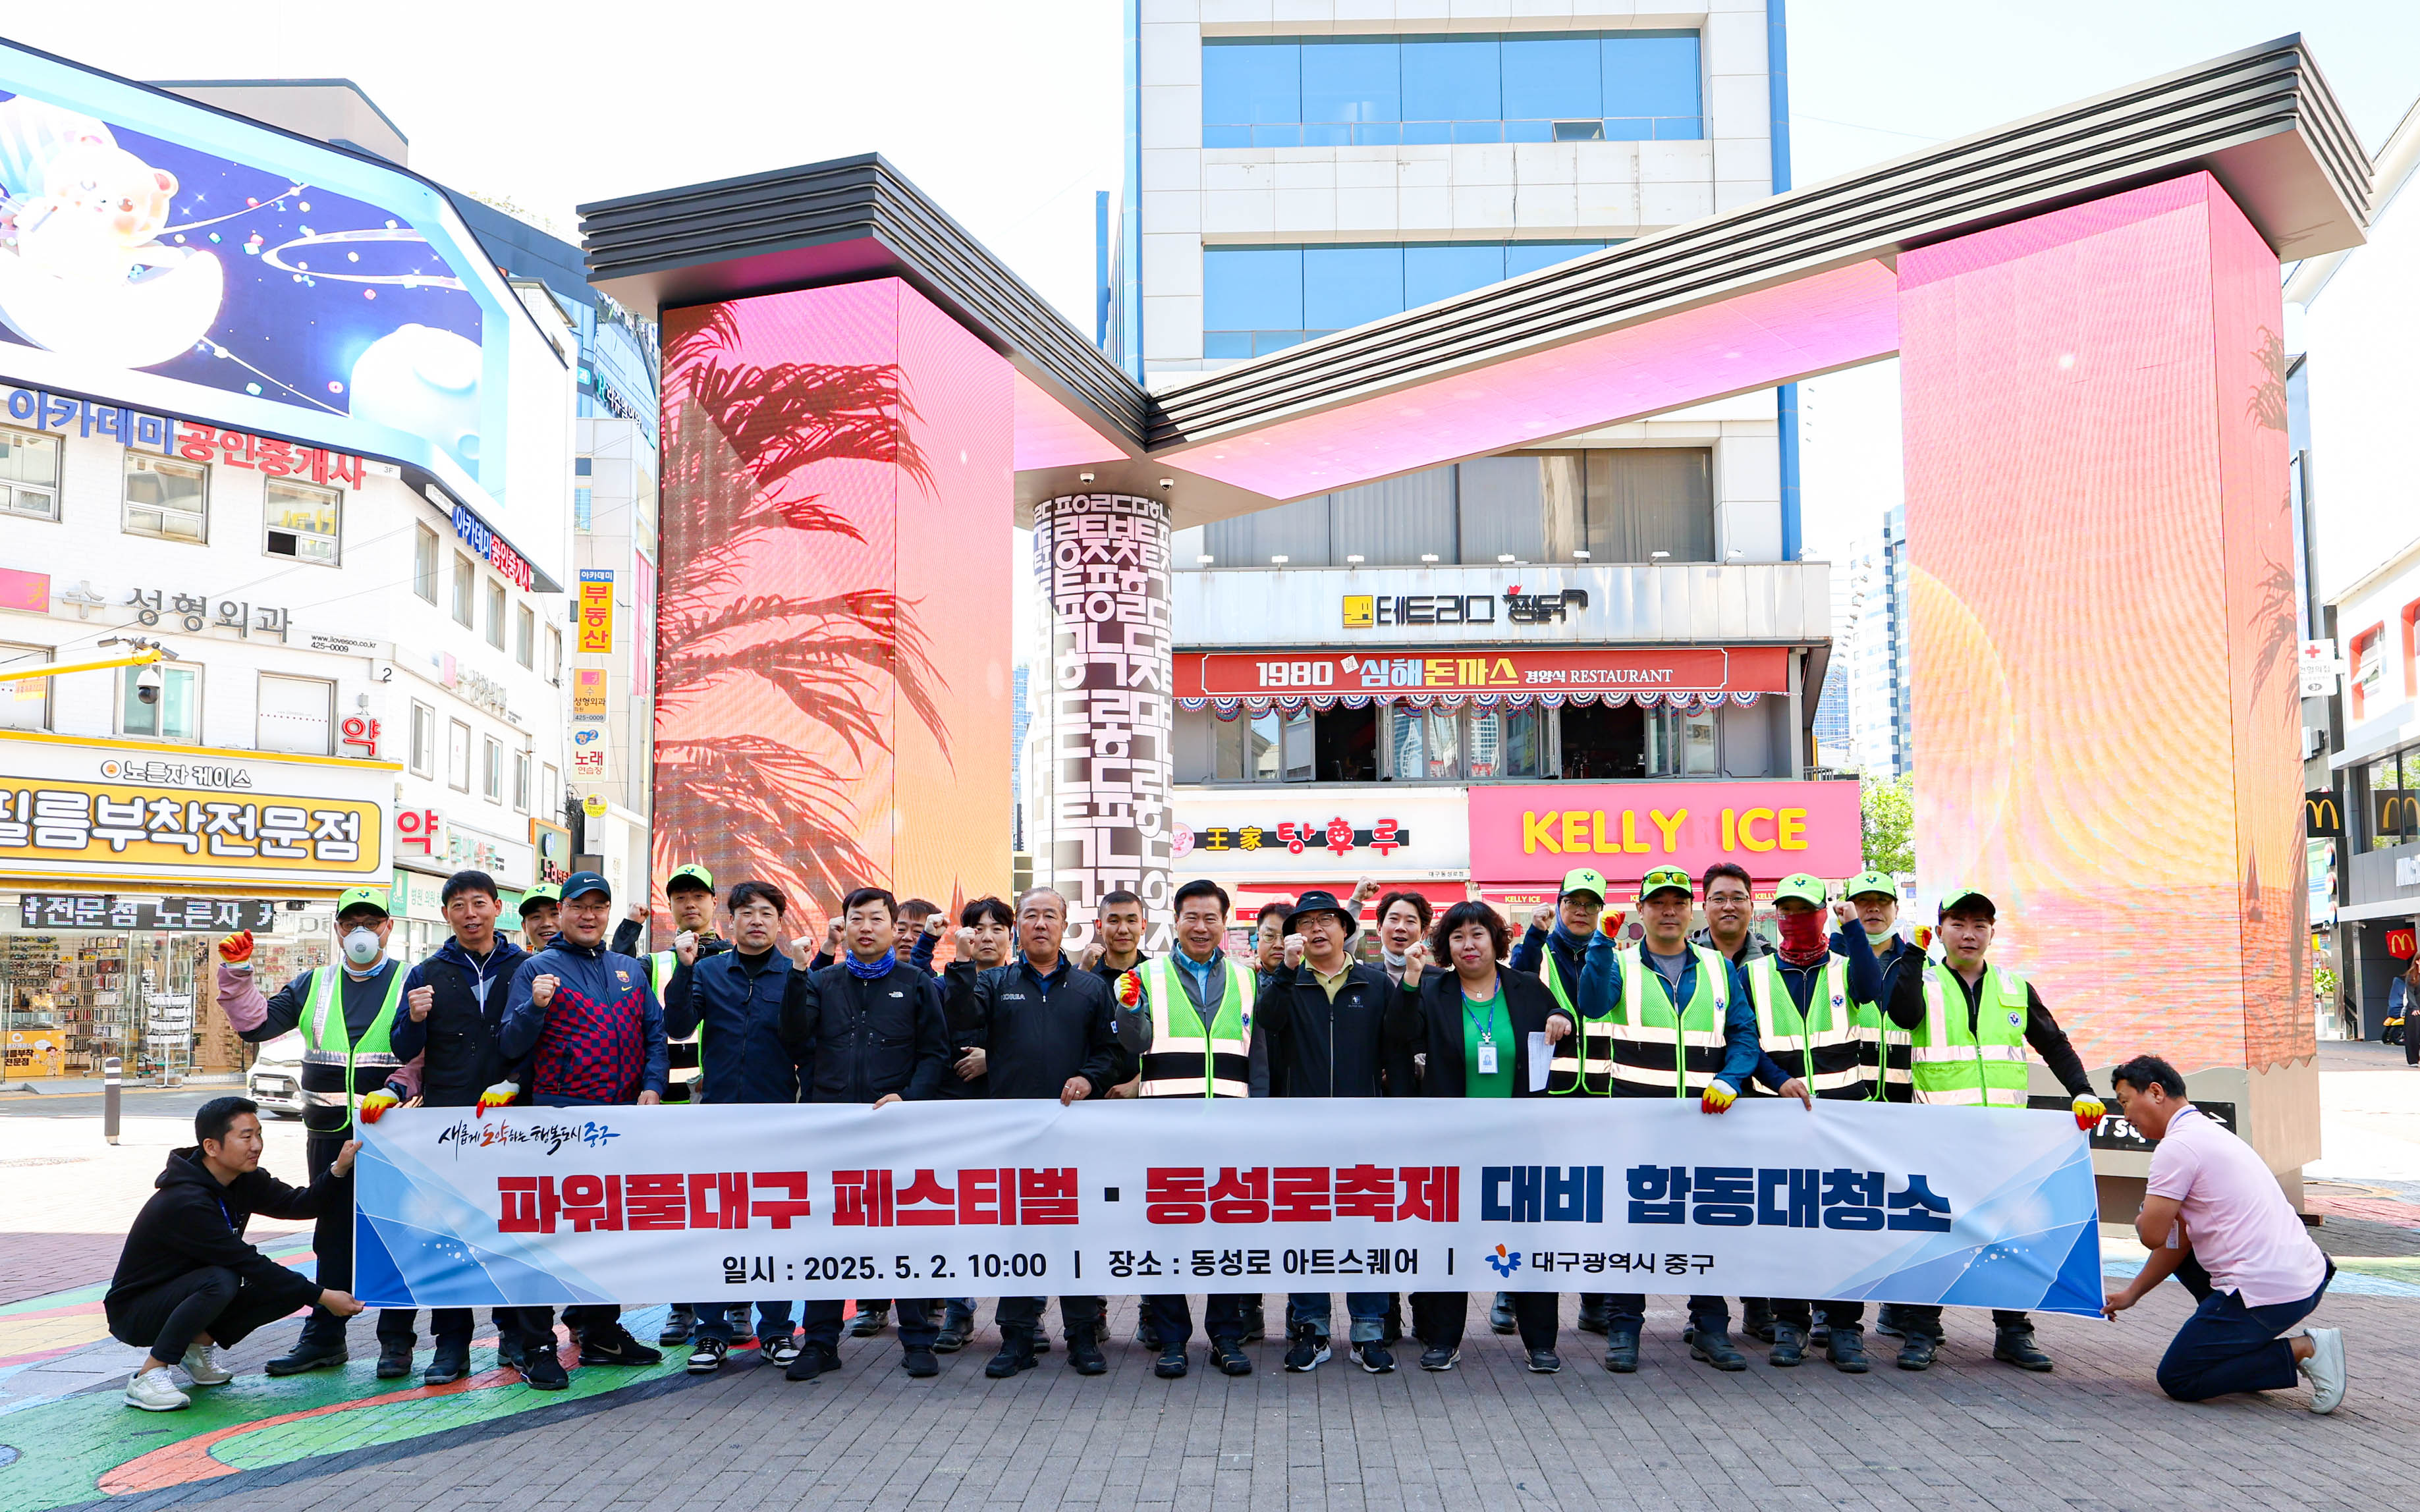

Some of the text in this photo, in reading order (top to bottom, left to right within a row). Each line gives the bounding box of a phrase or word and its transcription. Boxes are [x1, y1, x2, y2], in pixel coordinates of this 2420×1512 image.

[9, 390, 366, 491] 아카데미 공인중개사
[581, 571, 613, 580] 아카데미
[63, 580, 292, 643] 수 성형외과
[584, 585, 609, 649] 부동산
[311, 635, 376, 649] www.ilovesoo.co.kr
[311, 641, 348, 653] 425-0009
[383, 667, 392, 681] 2
[1257, 660, 1334, 687] 1980
[1524, 670, 1566, 684] 경양식
[1570, 669, 1673, 683] RESTAURANT
[574, 697, 606, 706] 성형외과
[585, 686, 594, 696] 수
[341, 716, 381, 756] 약
[575, 751, 603, 766] 노래
[578, 766, 603, 775] 연습장
[124, 760, 252, 788] 노른자 케이스
[397, 810, 439, 854] 약
[1205, 816, 1400, 857] 王家 탕후루
[1523, 807, 1808, 854] KELLY ICE
[153, 899, 242, 929] 노른자
[437, 1119, 620, 1162] 새롭게 도약하는 행복도시 중구
[497, 1170, 811, 1234] 파워풀대구
[831, 1167, 1079, 1227] 페스티벌
[1145, 1164, 1460, 1224] 동성로축제
[1481, 1165, 1604, 1223] 대비
[1626, 1164, 1952, 1233] 합동대청소
[722, 1255, 775, 1284] 일시
[805, 1255, 883, 1282] 2025.
[894, 1255, 920, 1280] 5.
[931, 1254, 956, 1279] 2.
[968, 1253, 1047, 1278] 10:00
[1109, 1250, 1162, 1278] 장소
[1191, 1249, 1271, 1277] 동성로
[1283, 1248, 1418, 1276] 아트스퀘어
[1531, 1251, 1715, 1275] 대구광역시 중구

** WHAT THE TASK REQUIRES **
Please retype the listing above word for word, skipping each picture.

** SOLVED EXERCISE **
Some of the text in this photo, in reading order (top to bottom, left to right within a row). Each line gives the bounding box of a phrase or word and its transcription. Boxes are [x1, y1, x2, y2], in pixel coordinates of this 2420×1512 image.

[9, 390, 366, 491] 아카데미 공인중개사
[581, 571, 613, 580] 아카데미
[63, 580, 292, 643] 수 성형외과
[584, 585, 609, 649] 부동산
[311, 635, 376, 649] www.ilovesoo.co.kr
[311, 641, 348, 653] 425-0009
[383, 667, 392, 681] 2
[1257, 660, 1334, 687] 1980
[1524, 670, 1566, 684] 경양식
[1570, 669, 1673, 683] RESTAURANT
[574, 697, 606, 706] 성형외과
[585, 686, 594, 696] 수
[341, 716, 381, 756] 약
[575, 751, 603, 766] 노래
[578, 766, 603, 775] 연습장
[124, 760, 252, 788] 노른자 케이스
[397, 810, 439, 854] 약
[1205, 816, 1400, 857] 王家 탕후루
[1523, 807, 1808, 854] KELLY ICE
[153, 899, 242, 929] 노른자
[437, 1119, 620, 1162] 새롭게 도약하는 행복도시 중구
[497, 1170, 811, 1234] 파워풀대구
[831, 1167, 1079, 1227] 페스티벌
[1145, 1164, 1460, 1224] 동성로축제
[1481, 1165, 1604, 1223] 대비
[1626, 1164, 1952, 1233] 합동대청소
[722, 1255, 775, 1284] 일시
[805, 1255, 883, 1282] 2025.
[894, 1255, 920, 1280] 5.
[931, 1254, 956, 1279] 2.
[968, 1253, 1047, 1278] 10:00
[1109, 1250, 1162, 1278] 장소
[1191, 1249, 1271, 1277] 동성로
[1283, 1248, 1418, 1276] 아트스퀘어
[1531, 1251, 1715, 1275] 대구광역시 중구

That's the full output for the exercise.